▶ Problem details
Copy out each record below, exactly as given.

▶ Data extracts

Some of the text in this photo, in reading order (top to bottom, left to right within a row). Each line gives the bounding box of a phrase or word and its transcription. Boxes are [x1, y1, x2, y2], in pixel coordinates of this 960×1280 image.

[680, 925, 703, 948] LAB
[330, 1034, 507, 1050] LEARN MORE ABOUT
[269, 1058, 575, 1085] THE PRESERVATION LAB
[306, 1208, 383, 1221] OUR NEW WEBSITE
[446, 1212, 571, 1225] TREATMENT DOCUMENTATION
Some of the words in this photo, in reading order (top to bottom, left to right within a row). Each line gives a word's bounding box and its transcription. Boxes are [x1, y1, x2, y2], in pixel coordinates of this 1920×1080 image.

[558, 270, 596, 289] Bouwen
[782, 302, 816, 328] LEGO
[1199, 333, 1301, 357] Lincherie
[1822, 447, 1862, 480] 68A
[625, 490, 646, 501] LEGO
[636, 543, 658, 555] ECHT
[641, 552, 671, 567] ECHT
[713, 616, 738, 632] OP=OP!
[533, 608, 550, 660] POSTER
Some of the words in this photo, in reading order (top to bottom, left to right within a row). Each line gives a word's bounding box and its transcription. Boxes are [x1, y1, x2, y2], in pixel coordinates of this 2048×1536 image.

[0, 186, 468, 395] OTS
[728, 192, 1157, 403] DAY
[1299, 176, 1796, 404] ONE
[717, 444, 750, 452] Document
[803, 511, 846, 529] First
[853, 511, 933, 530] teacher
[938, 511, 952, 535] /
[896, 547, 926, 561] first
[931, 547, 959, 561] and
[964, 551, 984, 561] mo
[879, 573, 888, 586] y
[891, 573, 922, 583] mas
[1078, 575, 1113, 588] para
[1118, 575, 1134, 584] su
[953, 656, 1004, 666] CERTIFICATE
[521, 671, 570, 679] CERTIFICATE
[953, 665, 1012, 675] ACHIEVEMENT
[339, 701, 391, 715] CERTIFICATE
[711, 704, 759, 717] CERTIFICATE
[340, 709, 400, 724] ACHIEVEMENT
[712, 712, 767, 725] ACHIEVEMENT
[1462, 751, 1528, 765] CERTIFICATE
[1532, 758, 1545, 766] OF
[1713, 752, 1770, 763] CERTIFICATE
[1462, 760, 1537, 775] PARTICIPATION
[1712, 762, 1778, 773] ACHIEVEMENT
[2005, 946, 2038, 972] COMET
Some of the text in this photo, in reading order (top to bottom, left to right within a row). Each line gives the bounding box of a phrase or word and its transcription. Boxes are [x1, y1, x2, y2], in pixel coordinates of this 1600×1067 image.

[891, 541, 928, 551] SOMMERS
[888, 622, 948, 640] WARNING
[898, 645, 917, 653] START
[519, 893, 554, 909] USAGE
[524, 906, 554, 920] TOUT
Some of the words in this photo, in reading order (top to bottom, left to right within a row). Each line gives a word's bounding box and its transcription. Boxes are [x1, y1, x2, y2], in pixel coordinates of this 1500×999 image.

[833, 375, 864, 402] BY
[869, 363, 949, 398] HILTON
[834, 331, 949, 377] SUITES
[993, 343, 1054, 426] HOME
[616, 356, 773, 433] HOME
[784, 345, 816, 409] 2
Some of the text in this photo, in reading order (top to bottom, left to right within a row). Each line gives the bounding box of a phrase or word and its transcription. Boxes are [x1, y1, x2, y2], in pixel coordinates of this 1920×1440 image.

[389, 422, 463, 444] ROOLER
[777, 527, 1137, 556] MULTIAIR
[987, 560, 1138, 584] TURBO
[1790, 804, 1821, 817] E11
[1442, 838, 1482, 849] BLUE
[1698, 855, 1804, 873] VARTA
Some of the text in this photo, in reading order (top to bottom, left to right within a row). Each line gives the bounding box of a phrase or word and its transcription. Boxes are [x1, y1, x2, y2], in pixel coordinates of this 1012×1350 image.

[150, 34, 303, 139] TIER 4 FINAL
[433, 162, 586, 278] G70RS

▶ Answer box
Some of the text in this photo, in reading order (top to bottom, left to right within a row). Each line gives the bounding box of a phrase or word and its transcription. Boxes are [x1, y1, x2, y2], in pixel coordinates of this 960×1280 image.

[680, 925, 703, 948] LAB
[330, 1034, 507, 1050] LEARN MORE ABOUT
[269, 1058, 575, 1085] THE PRESERVATION LAB
[306, 1208, 383, 1221] OUR NEW WEBSITE
[446, 1212, 571, 1225] TREATMENT DOCUMENTATION
Some of the words in this photo, in reading order (top to bottom, left to right within a row). Each line gives a word's bounding box and its transcription. Boxes are [x1, y1, x2, y2], in pixel coordinates of this 1920×1080 image.

[558, 270, 596, 289] Bouwen
[782, 302, 816, 328] LEGO
[1199, 333, 1301, 357] Lincherie
[1822, 447, 1862, 480] 68A
[625, 490, 646, 501] LEGO
[636, 543, 658, 555] ECHT
[641, 552, 671, 567] ECHT
[713, 616, 738, 632] OP=OP!
[533, 608, 550, 660] POSTER
Some of the words in this photo, in reading order (top to bottom, left to right within a row). Each line gives a word's bounding box and its transcription. Boxes are [x1, y1, x2, y2], in pixel coordinates of this 2048×1536 image.

[0, 186, 468, 395] OTS
[728, 192, 1157, 403] DAY
[1299, 176, 1796, 404] ONE
[717, 444, 750, 452] Document
[803, 511, 846, 529] First
[853, 511, 933, 530] teacher
[938, 511, 952, 535] /
[896, 547, 926, 561] first
[931, 547, 959, 561] and
[964, 551, 984, 561] mo
[879, 573, 888, 586] y
[891, 573, 922, 583] mas
[1078, 575, 1113, 588] para
[1118, 575, 1134, 584] su
[953, 656, 1004, 666] CERTIFICATE
[521, 671, 570, 679] CERTIFICATE
[953, 665, 1012, 675] ACHIEVEMENT
[339, 701, 391, 715] CERTIFICATE
[711, 704, 759, 717] CERTIFICATE
[340, 709, 400, 724] ACHIEVEMENT
[712, 712, 767, 725] ACHIEVEMENT
[1462, 751, 1528, 765] CERTIFICATE
[1532, 758, 1545, 766] OF
[1713, 752, 1770, 763] CERTIFICATE
[1462, 760, 1537, 775] PARTICIPATION
[1712, 762, 1778, 773] ACHIEVEMENT
[2005, 946, 2038, 972] COMET
Some of the text in this photo, in reading order (top to bottom, left to right within a row). Each line gives the bounding box of a phrase or word and its transcription. Boxes are [x1, y1, x2, y2], in pixel coordinates of this 1600×1067 image.

[891, 541, 928, 551] SOMMERS
[888, 622, 948, 640] WARNING
[898, 645, 917, 653] START
[519, 893, 554, 909] USAGE
[524, 906, 554, 920] TOUT
Some of the words in this photo, in reading order (top to bottom, left to right within a row). Each line gives a word's bounding box and its transcription. Boxes are [x1, y1, x2, y2], in pixel coordinates of this 1500×999 image.

[833, 375, 864, 402] BY
[869, 363, 949, 398] HILTON
[834, 331, 949, 377] SUITES
[993, 343, 1054, 426] HOME
[616, 356, 773, 433] HOME
[784, 345, 816, 409] 2
Some of the text in this photo, in reading order (top to bottom, left to right within a row). Each line gives the bounding box of a phrase or word and its transcription. Boxes are [x1, y1, x2, y2], in pixel coordinates of this 1920×1440 image.

[389, 422, 463, 444] ROOLER
[777, 527, 1137, 556] MULTIAIR
[987, 560, 1138, 584] TURBO
[1790, 804, 1821, 817] E11
[1442, 838, 1482, 849] BLUE
[1698, 855, 1804, 873] VARTA
Some of the text in this photo, in reading order (top to bottom, left to right within a row). Each line gives the bounding box of a phrase or word and its transcription. Boxes are [x1, y1, x2, y2], in pixel coordinates of this 1012×1350 image.

[150, 34, 303, 139] TIER 4 FINAL
[433, 162, 586, 278] G70RS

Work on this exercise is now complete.